Archive for August 6th, 2010

Bally’s was the worldwide innovator. It moved machines from being mere mechanical devices activated by pulling a handle to being electromechanical devices. The handle pull was now just an alternative way to push a button to make the machine run. Bally’s first machine was the Money Honey, which contained a much larger capacity to store coins, making bigger payoffs more possible. In 1964, Bally’s developed a progressive machine, which permitted a jackpot amount to grow each time the player made a losing play. The possibility of winning thousands of dollars on machine play was opened up. Also, the machines could accumulate jackpots large enough that the expected payoff return for a player could become positive (over 100 percent). Soon the company made multipliers, that is, machines that accepted up to five coins; with each additional coin put in, the prizes would multiply. Bally’s added reels to some models. In 1968 it marketed a machine that had three play lines on it. In the late 1970s it developed low-boy machines that had flat horizontal playing surfaces, over which the player could lean. Eventually, this style of machine was adjusted to be operational on a bar surface. Bally’s also developed the popular Big Bertha, an extremely large machine (six to eight feet across) that would dominate a casino floor, drawing attention to slot machine play. In 1980 Bally’s engineered another breakthrough. It linked machines together so that several could offer one very big progressive jackpot.  The Hilton casinos of Las Vegas used these networks of machines to offer million-dollar guaranteed Pot of Gold jackpots.

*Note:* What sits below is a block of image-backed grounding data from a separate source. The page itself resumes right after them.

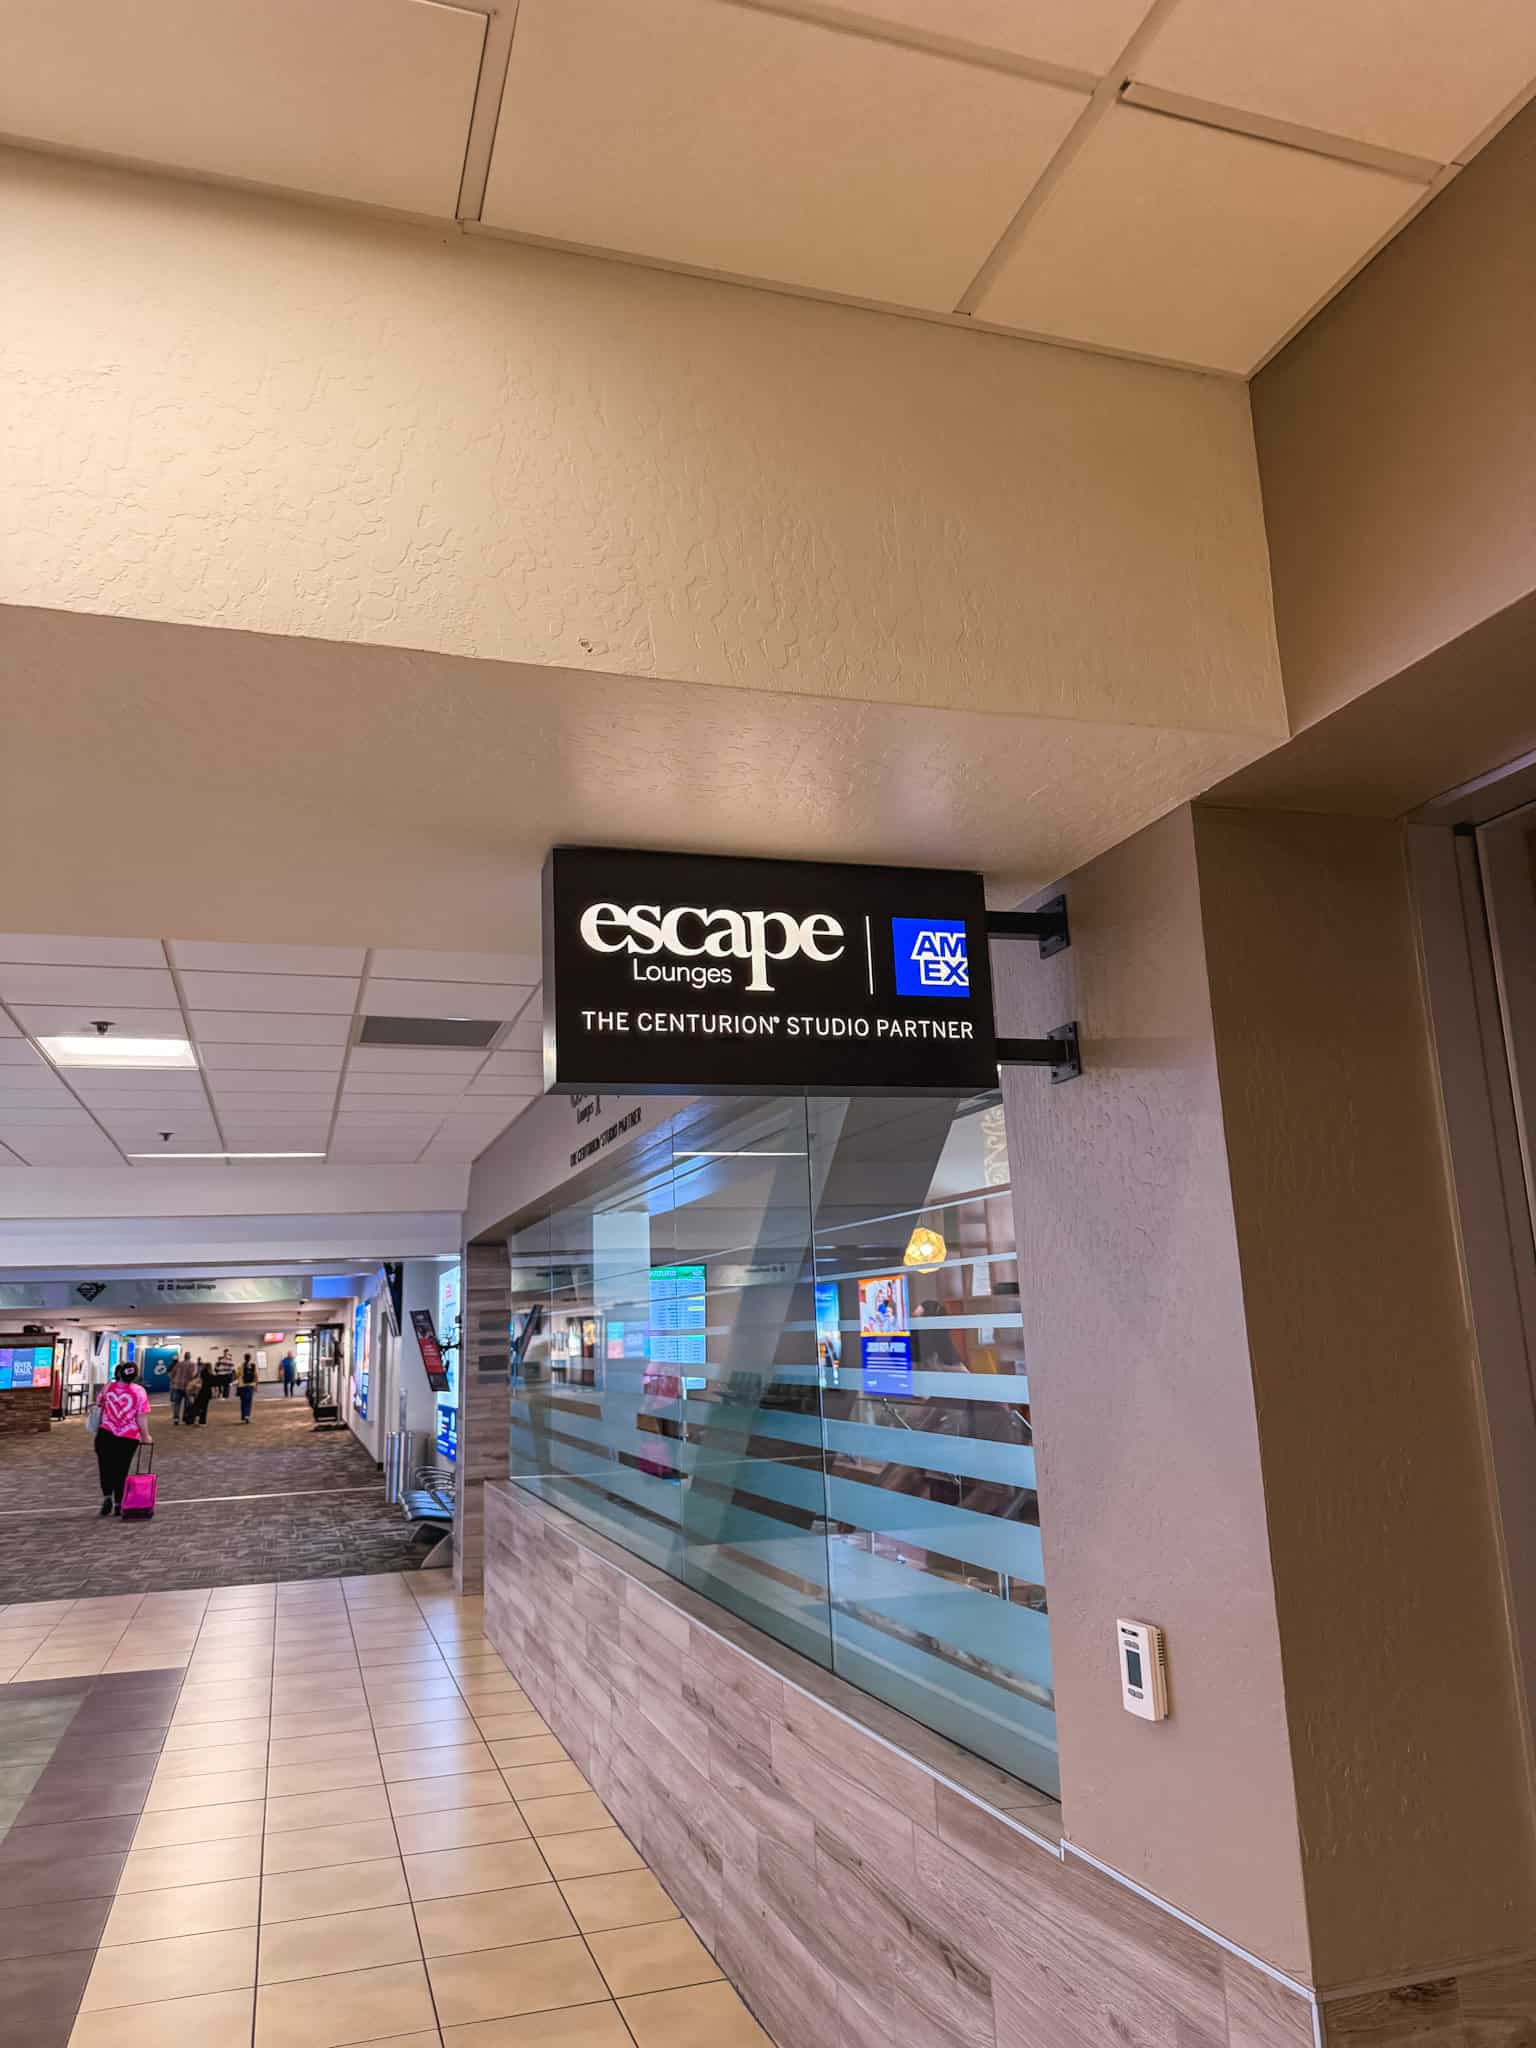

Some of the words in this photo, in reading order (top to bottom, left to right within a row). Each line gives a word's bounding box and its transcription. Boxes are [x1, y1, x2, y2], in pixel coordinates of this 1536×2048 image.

[580, 903, 845, 992] escape
[633, 958, 733, 989] Lounges
[581, 1011, 630, 1031] THE
[786, 1016, 870, 1037] STUDIO
[876, 1019, 974, 1040] PARTNER
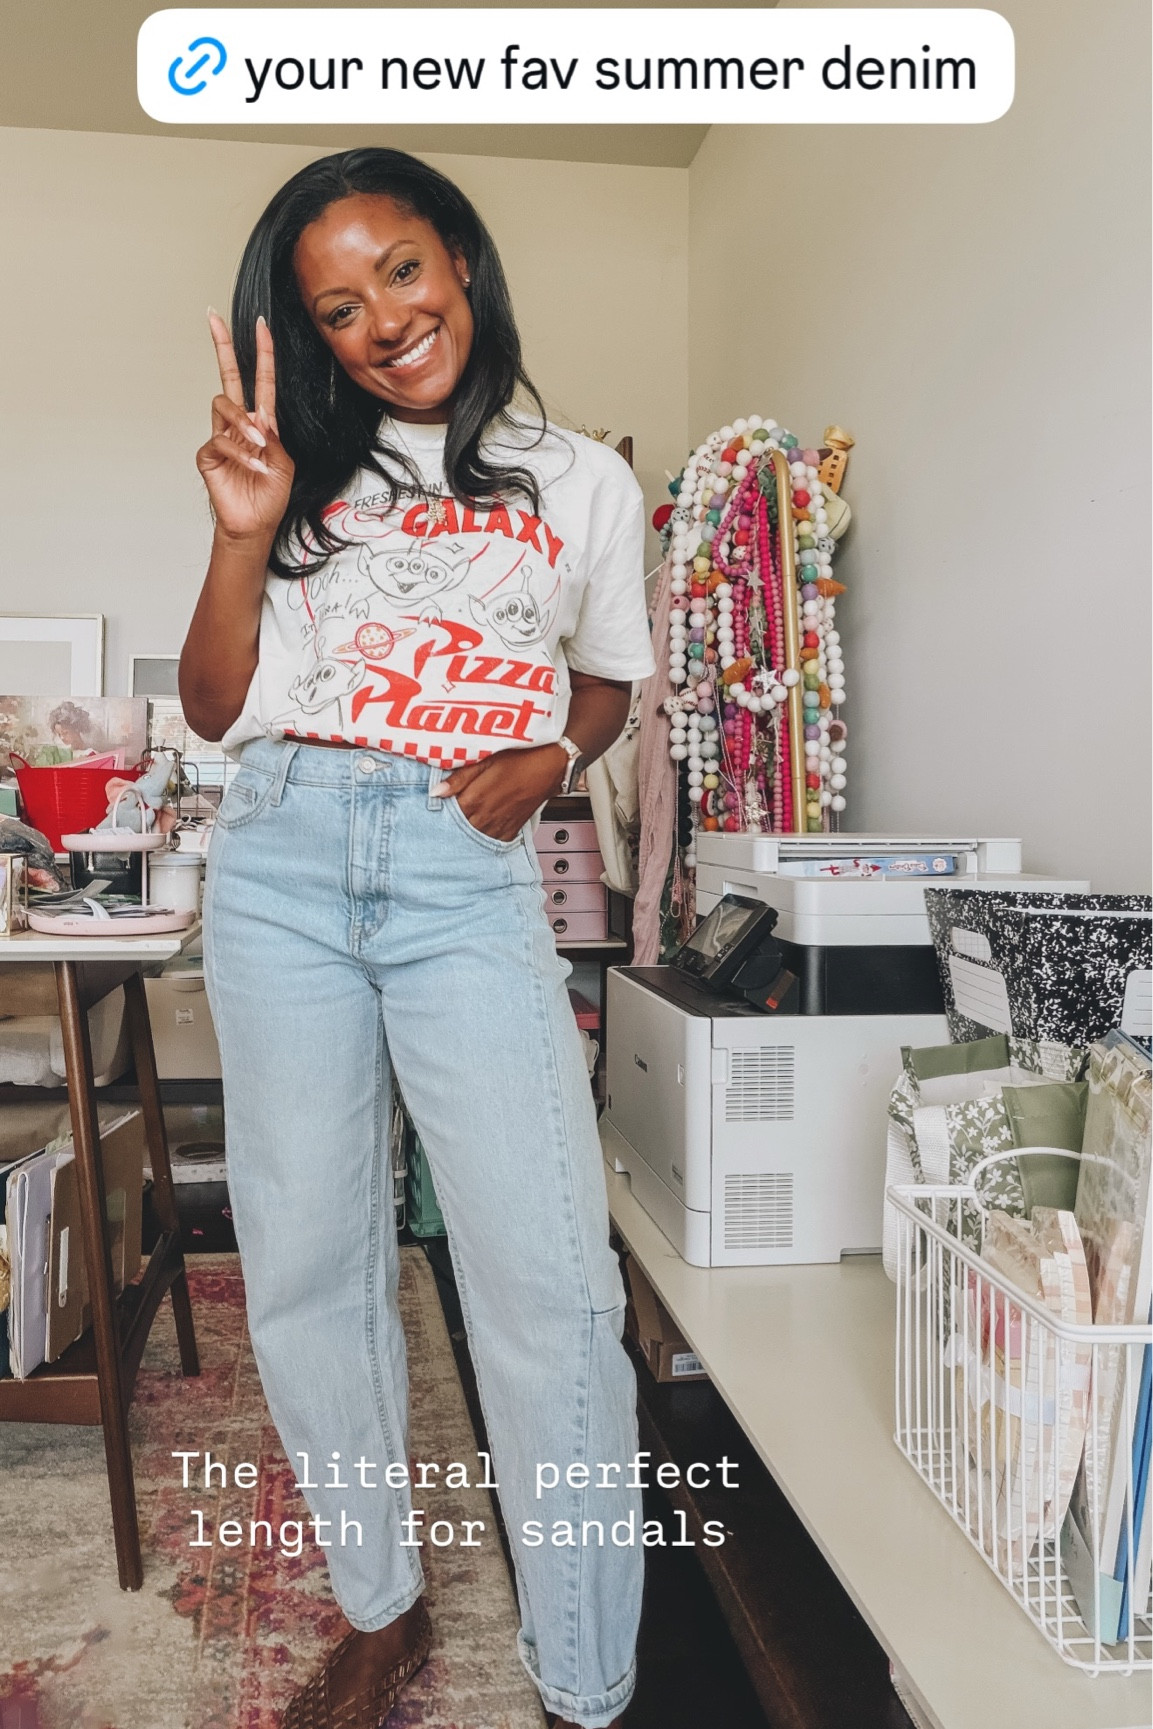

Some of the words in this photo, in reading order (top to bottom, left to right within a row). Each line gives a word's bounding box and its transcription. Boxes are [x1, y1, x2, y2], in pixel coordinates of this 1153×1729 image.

The 1980s were not kind to Bally’s. It entered the casino business as an owner of an Atlantic City casino and then several casinos in Nevada. Other casinos became somewhat reluctant to buy Bally’s products and thereby display the name of a competitor of their gambling floors. But more importantly, the computer age had descended, and Bally’s was hesitant to make the leap. One of Bally’s sales executives, Si Redd, worked on the development of a video gambling device with a cathode-ray tube. Poker could be played on his device. He wanted Bally’s to market the machine and give him the appropriate credit. Bally’s higher executives, however, did not want to stray from their “winning formula” of the 1960s and 1970s. They struck a deal: Si Redd would leave the company and promise not to make any machines that would compete with the Bally’s models nor to use knowledge he had gained at Bally’s. In turn, Redd would be given a five-year exclusive right to develop his poker machine. Redd became instrumental in starting International Gaming Technologies (IGT), which manufactured and sold video poker machines. Five years was all he needed. By the mid-1980s, IGT surpassed Bally’s in machine sales, and after IGT won the right to make reel machines as well, it thoroughly dominated the market, with over 75% of the sales of machines in the United States and Canada. IGT now stands as perhaps the largest slot machine company in the world, sharing that world market stage with Aristocrat and Sigma.
The computer technologies and cathode-ray tube video screens have changed the look and operations of machines in many ways. When California authorized a state lottery in 1984, Nevada casinos worried. They could not compete with a multi-million-dollar jackpot; IGT came to the rescue. The company developed Mega-Bucks, a statewide network of machines offering one progressive jackpot. Although the jackpot has never risen to the levels of some lottery jackpots, it has gone over $10 million several times, and it keeps many Nevada regulars from running to the state line to buy California tickets – at least until the California jackpots get really high. The Mega-Bucks network includes upward of 1,000 machines. Within casinos there are many other linked networks of machines.
Modern machines developed by IGT, Sigma, Bally’s, Anchor, Mikohn, and other companies have also incorporated other features. One machine has holograms in its displays. One blackjack machine features a three-dimensional dealer who appears to actually deal out cards as he talks to the players, wishing them good luck, congratulating them on wins, consoling them on losses, and urging them to try again. Sigma has simulated a racetrack and horse races. The games have also taken on names of popular nongambling games. Mikohn has a Yatzee machine. Anchor developed a Wheel of Fortune game involving reel play; when a certain winning combination appears, a wheel above the machine spins for the superjackpot as noises from the television Wheel of Fortune game are heard. There is also a monopoly game. Several casinos have banks of Elvis machines. Although all the machines offer gambling games, with their variety has come a variety of rules, making the machines much more sophisticated than the ones that just asked the player to pull a handle – or decide how many coins to play and then pull a handle.